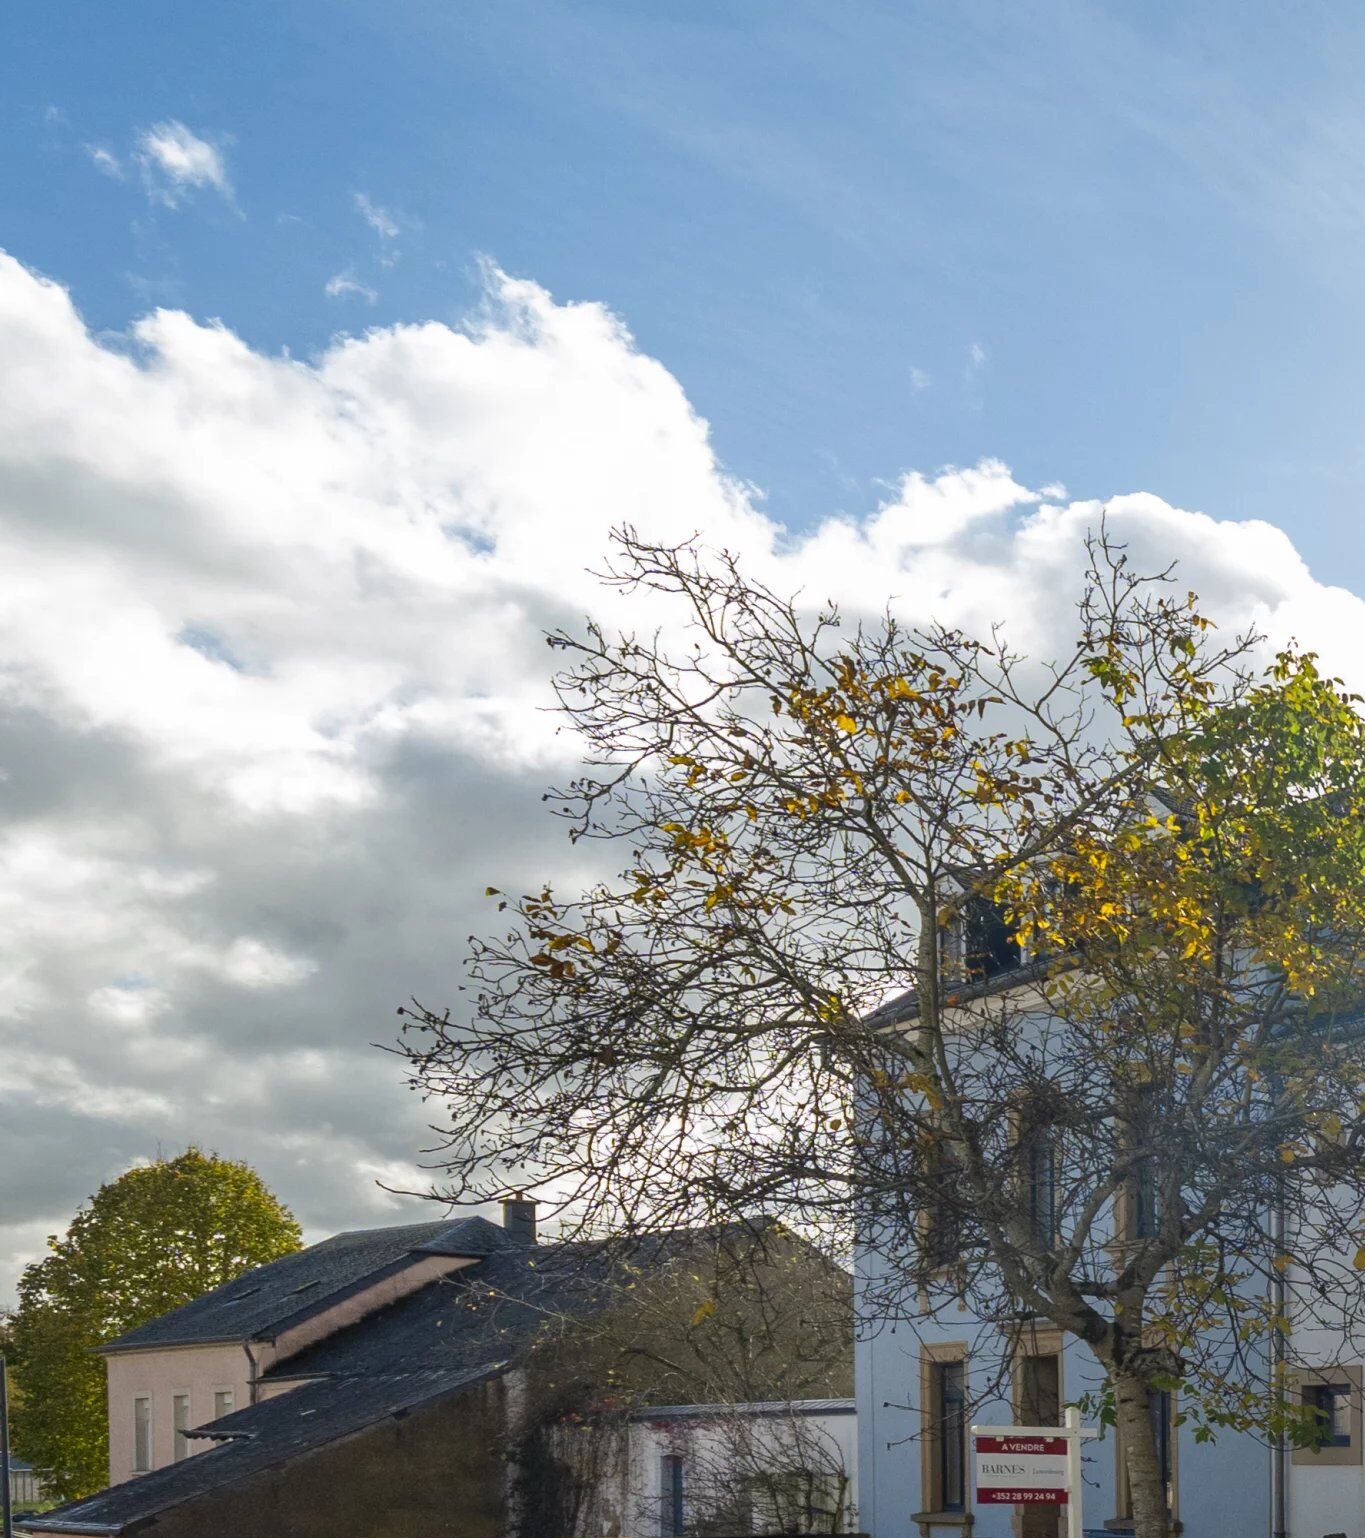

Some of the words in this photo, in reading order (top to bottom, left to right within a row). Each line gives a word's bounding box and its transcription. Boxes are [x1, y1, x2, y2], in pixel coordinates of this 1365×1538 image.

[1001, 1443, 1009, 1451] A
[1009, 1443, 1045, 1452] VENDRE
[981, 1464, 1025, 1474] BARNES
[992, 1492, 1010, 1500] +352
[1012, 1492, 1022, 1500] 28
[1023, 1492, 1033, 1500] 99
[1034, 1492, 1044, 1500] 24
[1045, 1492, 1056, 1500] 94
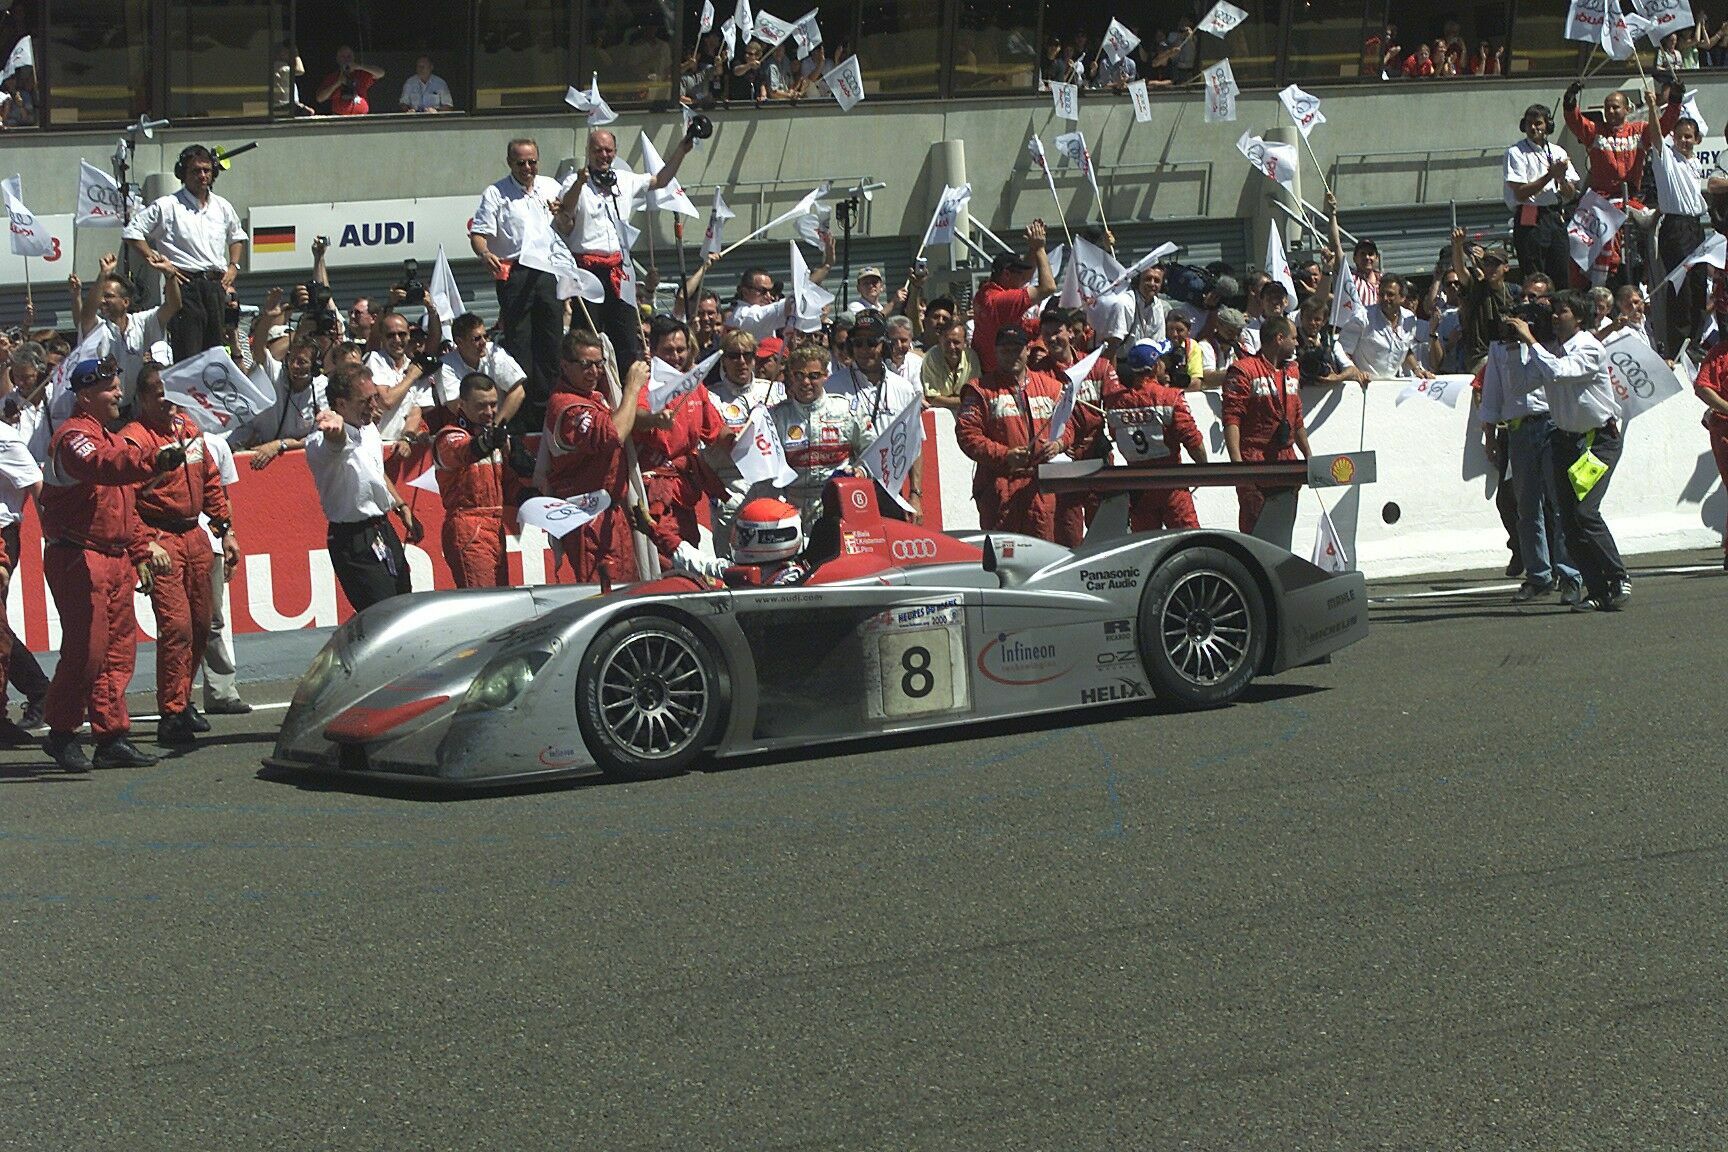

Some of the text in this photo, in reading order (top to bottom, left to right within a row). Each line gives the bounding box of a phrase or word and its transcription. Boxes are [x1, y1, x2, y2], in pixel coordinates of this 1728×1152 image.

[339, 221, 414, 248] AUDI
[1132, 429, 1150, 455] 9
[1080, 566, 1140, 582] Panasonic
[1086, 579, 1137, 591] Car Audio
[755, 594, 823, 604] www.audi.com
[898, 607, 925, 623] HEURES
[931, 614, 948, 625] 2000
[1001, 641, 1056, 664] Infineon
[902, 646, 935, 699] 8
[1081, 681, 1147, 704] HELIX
__________________________________________________
*Required action*
This task calls for an exact copy of the data above, without pictures.

*Written reply*
Some of the words in this photo, in reading order (top to bottom, left to right within a row). Each line gives a word's bounding box and its transcription. Boxes are [x1, y1, x2, y2], in pixel coordinates of this 1365×1538 image.

[1001, 1443, 1009, 1451] A
[1009, 1443, 1045, 1452] VENDRE
[981, 1464, 1025, 1474] BARNES
[992, 1492, 1010, 1500] +352
[1012, 1492, 1022, 1500] 28
[1023, 1492, 1033, 1500] 99
[1034, 1492, 1044, 1500] 24
[1045, 1492, 1056, 1500] 94

Some of the text in this photo, in reading order (top to bottom, left to right within a row). Each line gives the bounding box of a phrase or word and its transcription. Boxes are [x1, y1, x2, y2], in pixel coordinates of this 1728×1152 image.

[339, 221, 414, 248] AUDI
[1132, 429, 1150, 455] 9
[1080, 566, 1140, 582] Panasonic
[1086, 579, 1137, 591] Car Audio
[755, 594, 823, 604] www.audi.com
[898, 607, 925, 623] HEURES
[931, 614, 948, 625] 2000
[1001, 641, 1056, 664] Infineon
[902, 646, 935, 699] 8
[1081, 681, 1147, 704] HELIX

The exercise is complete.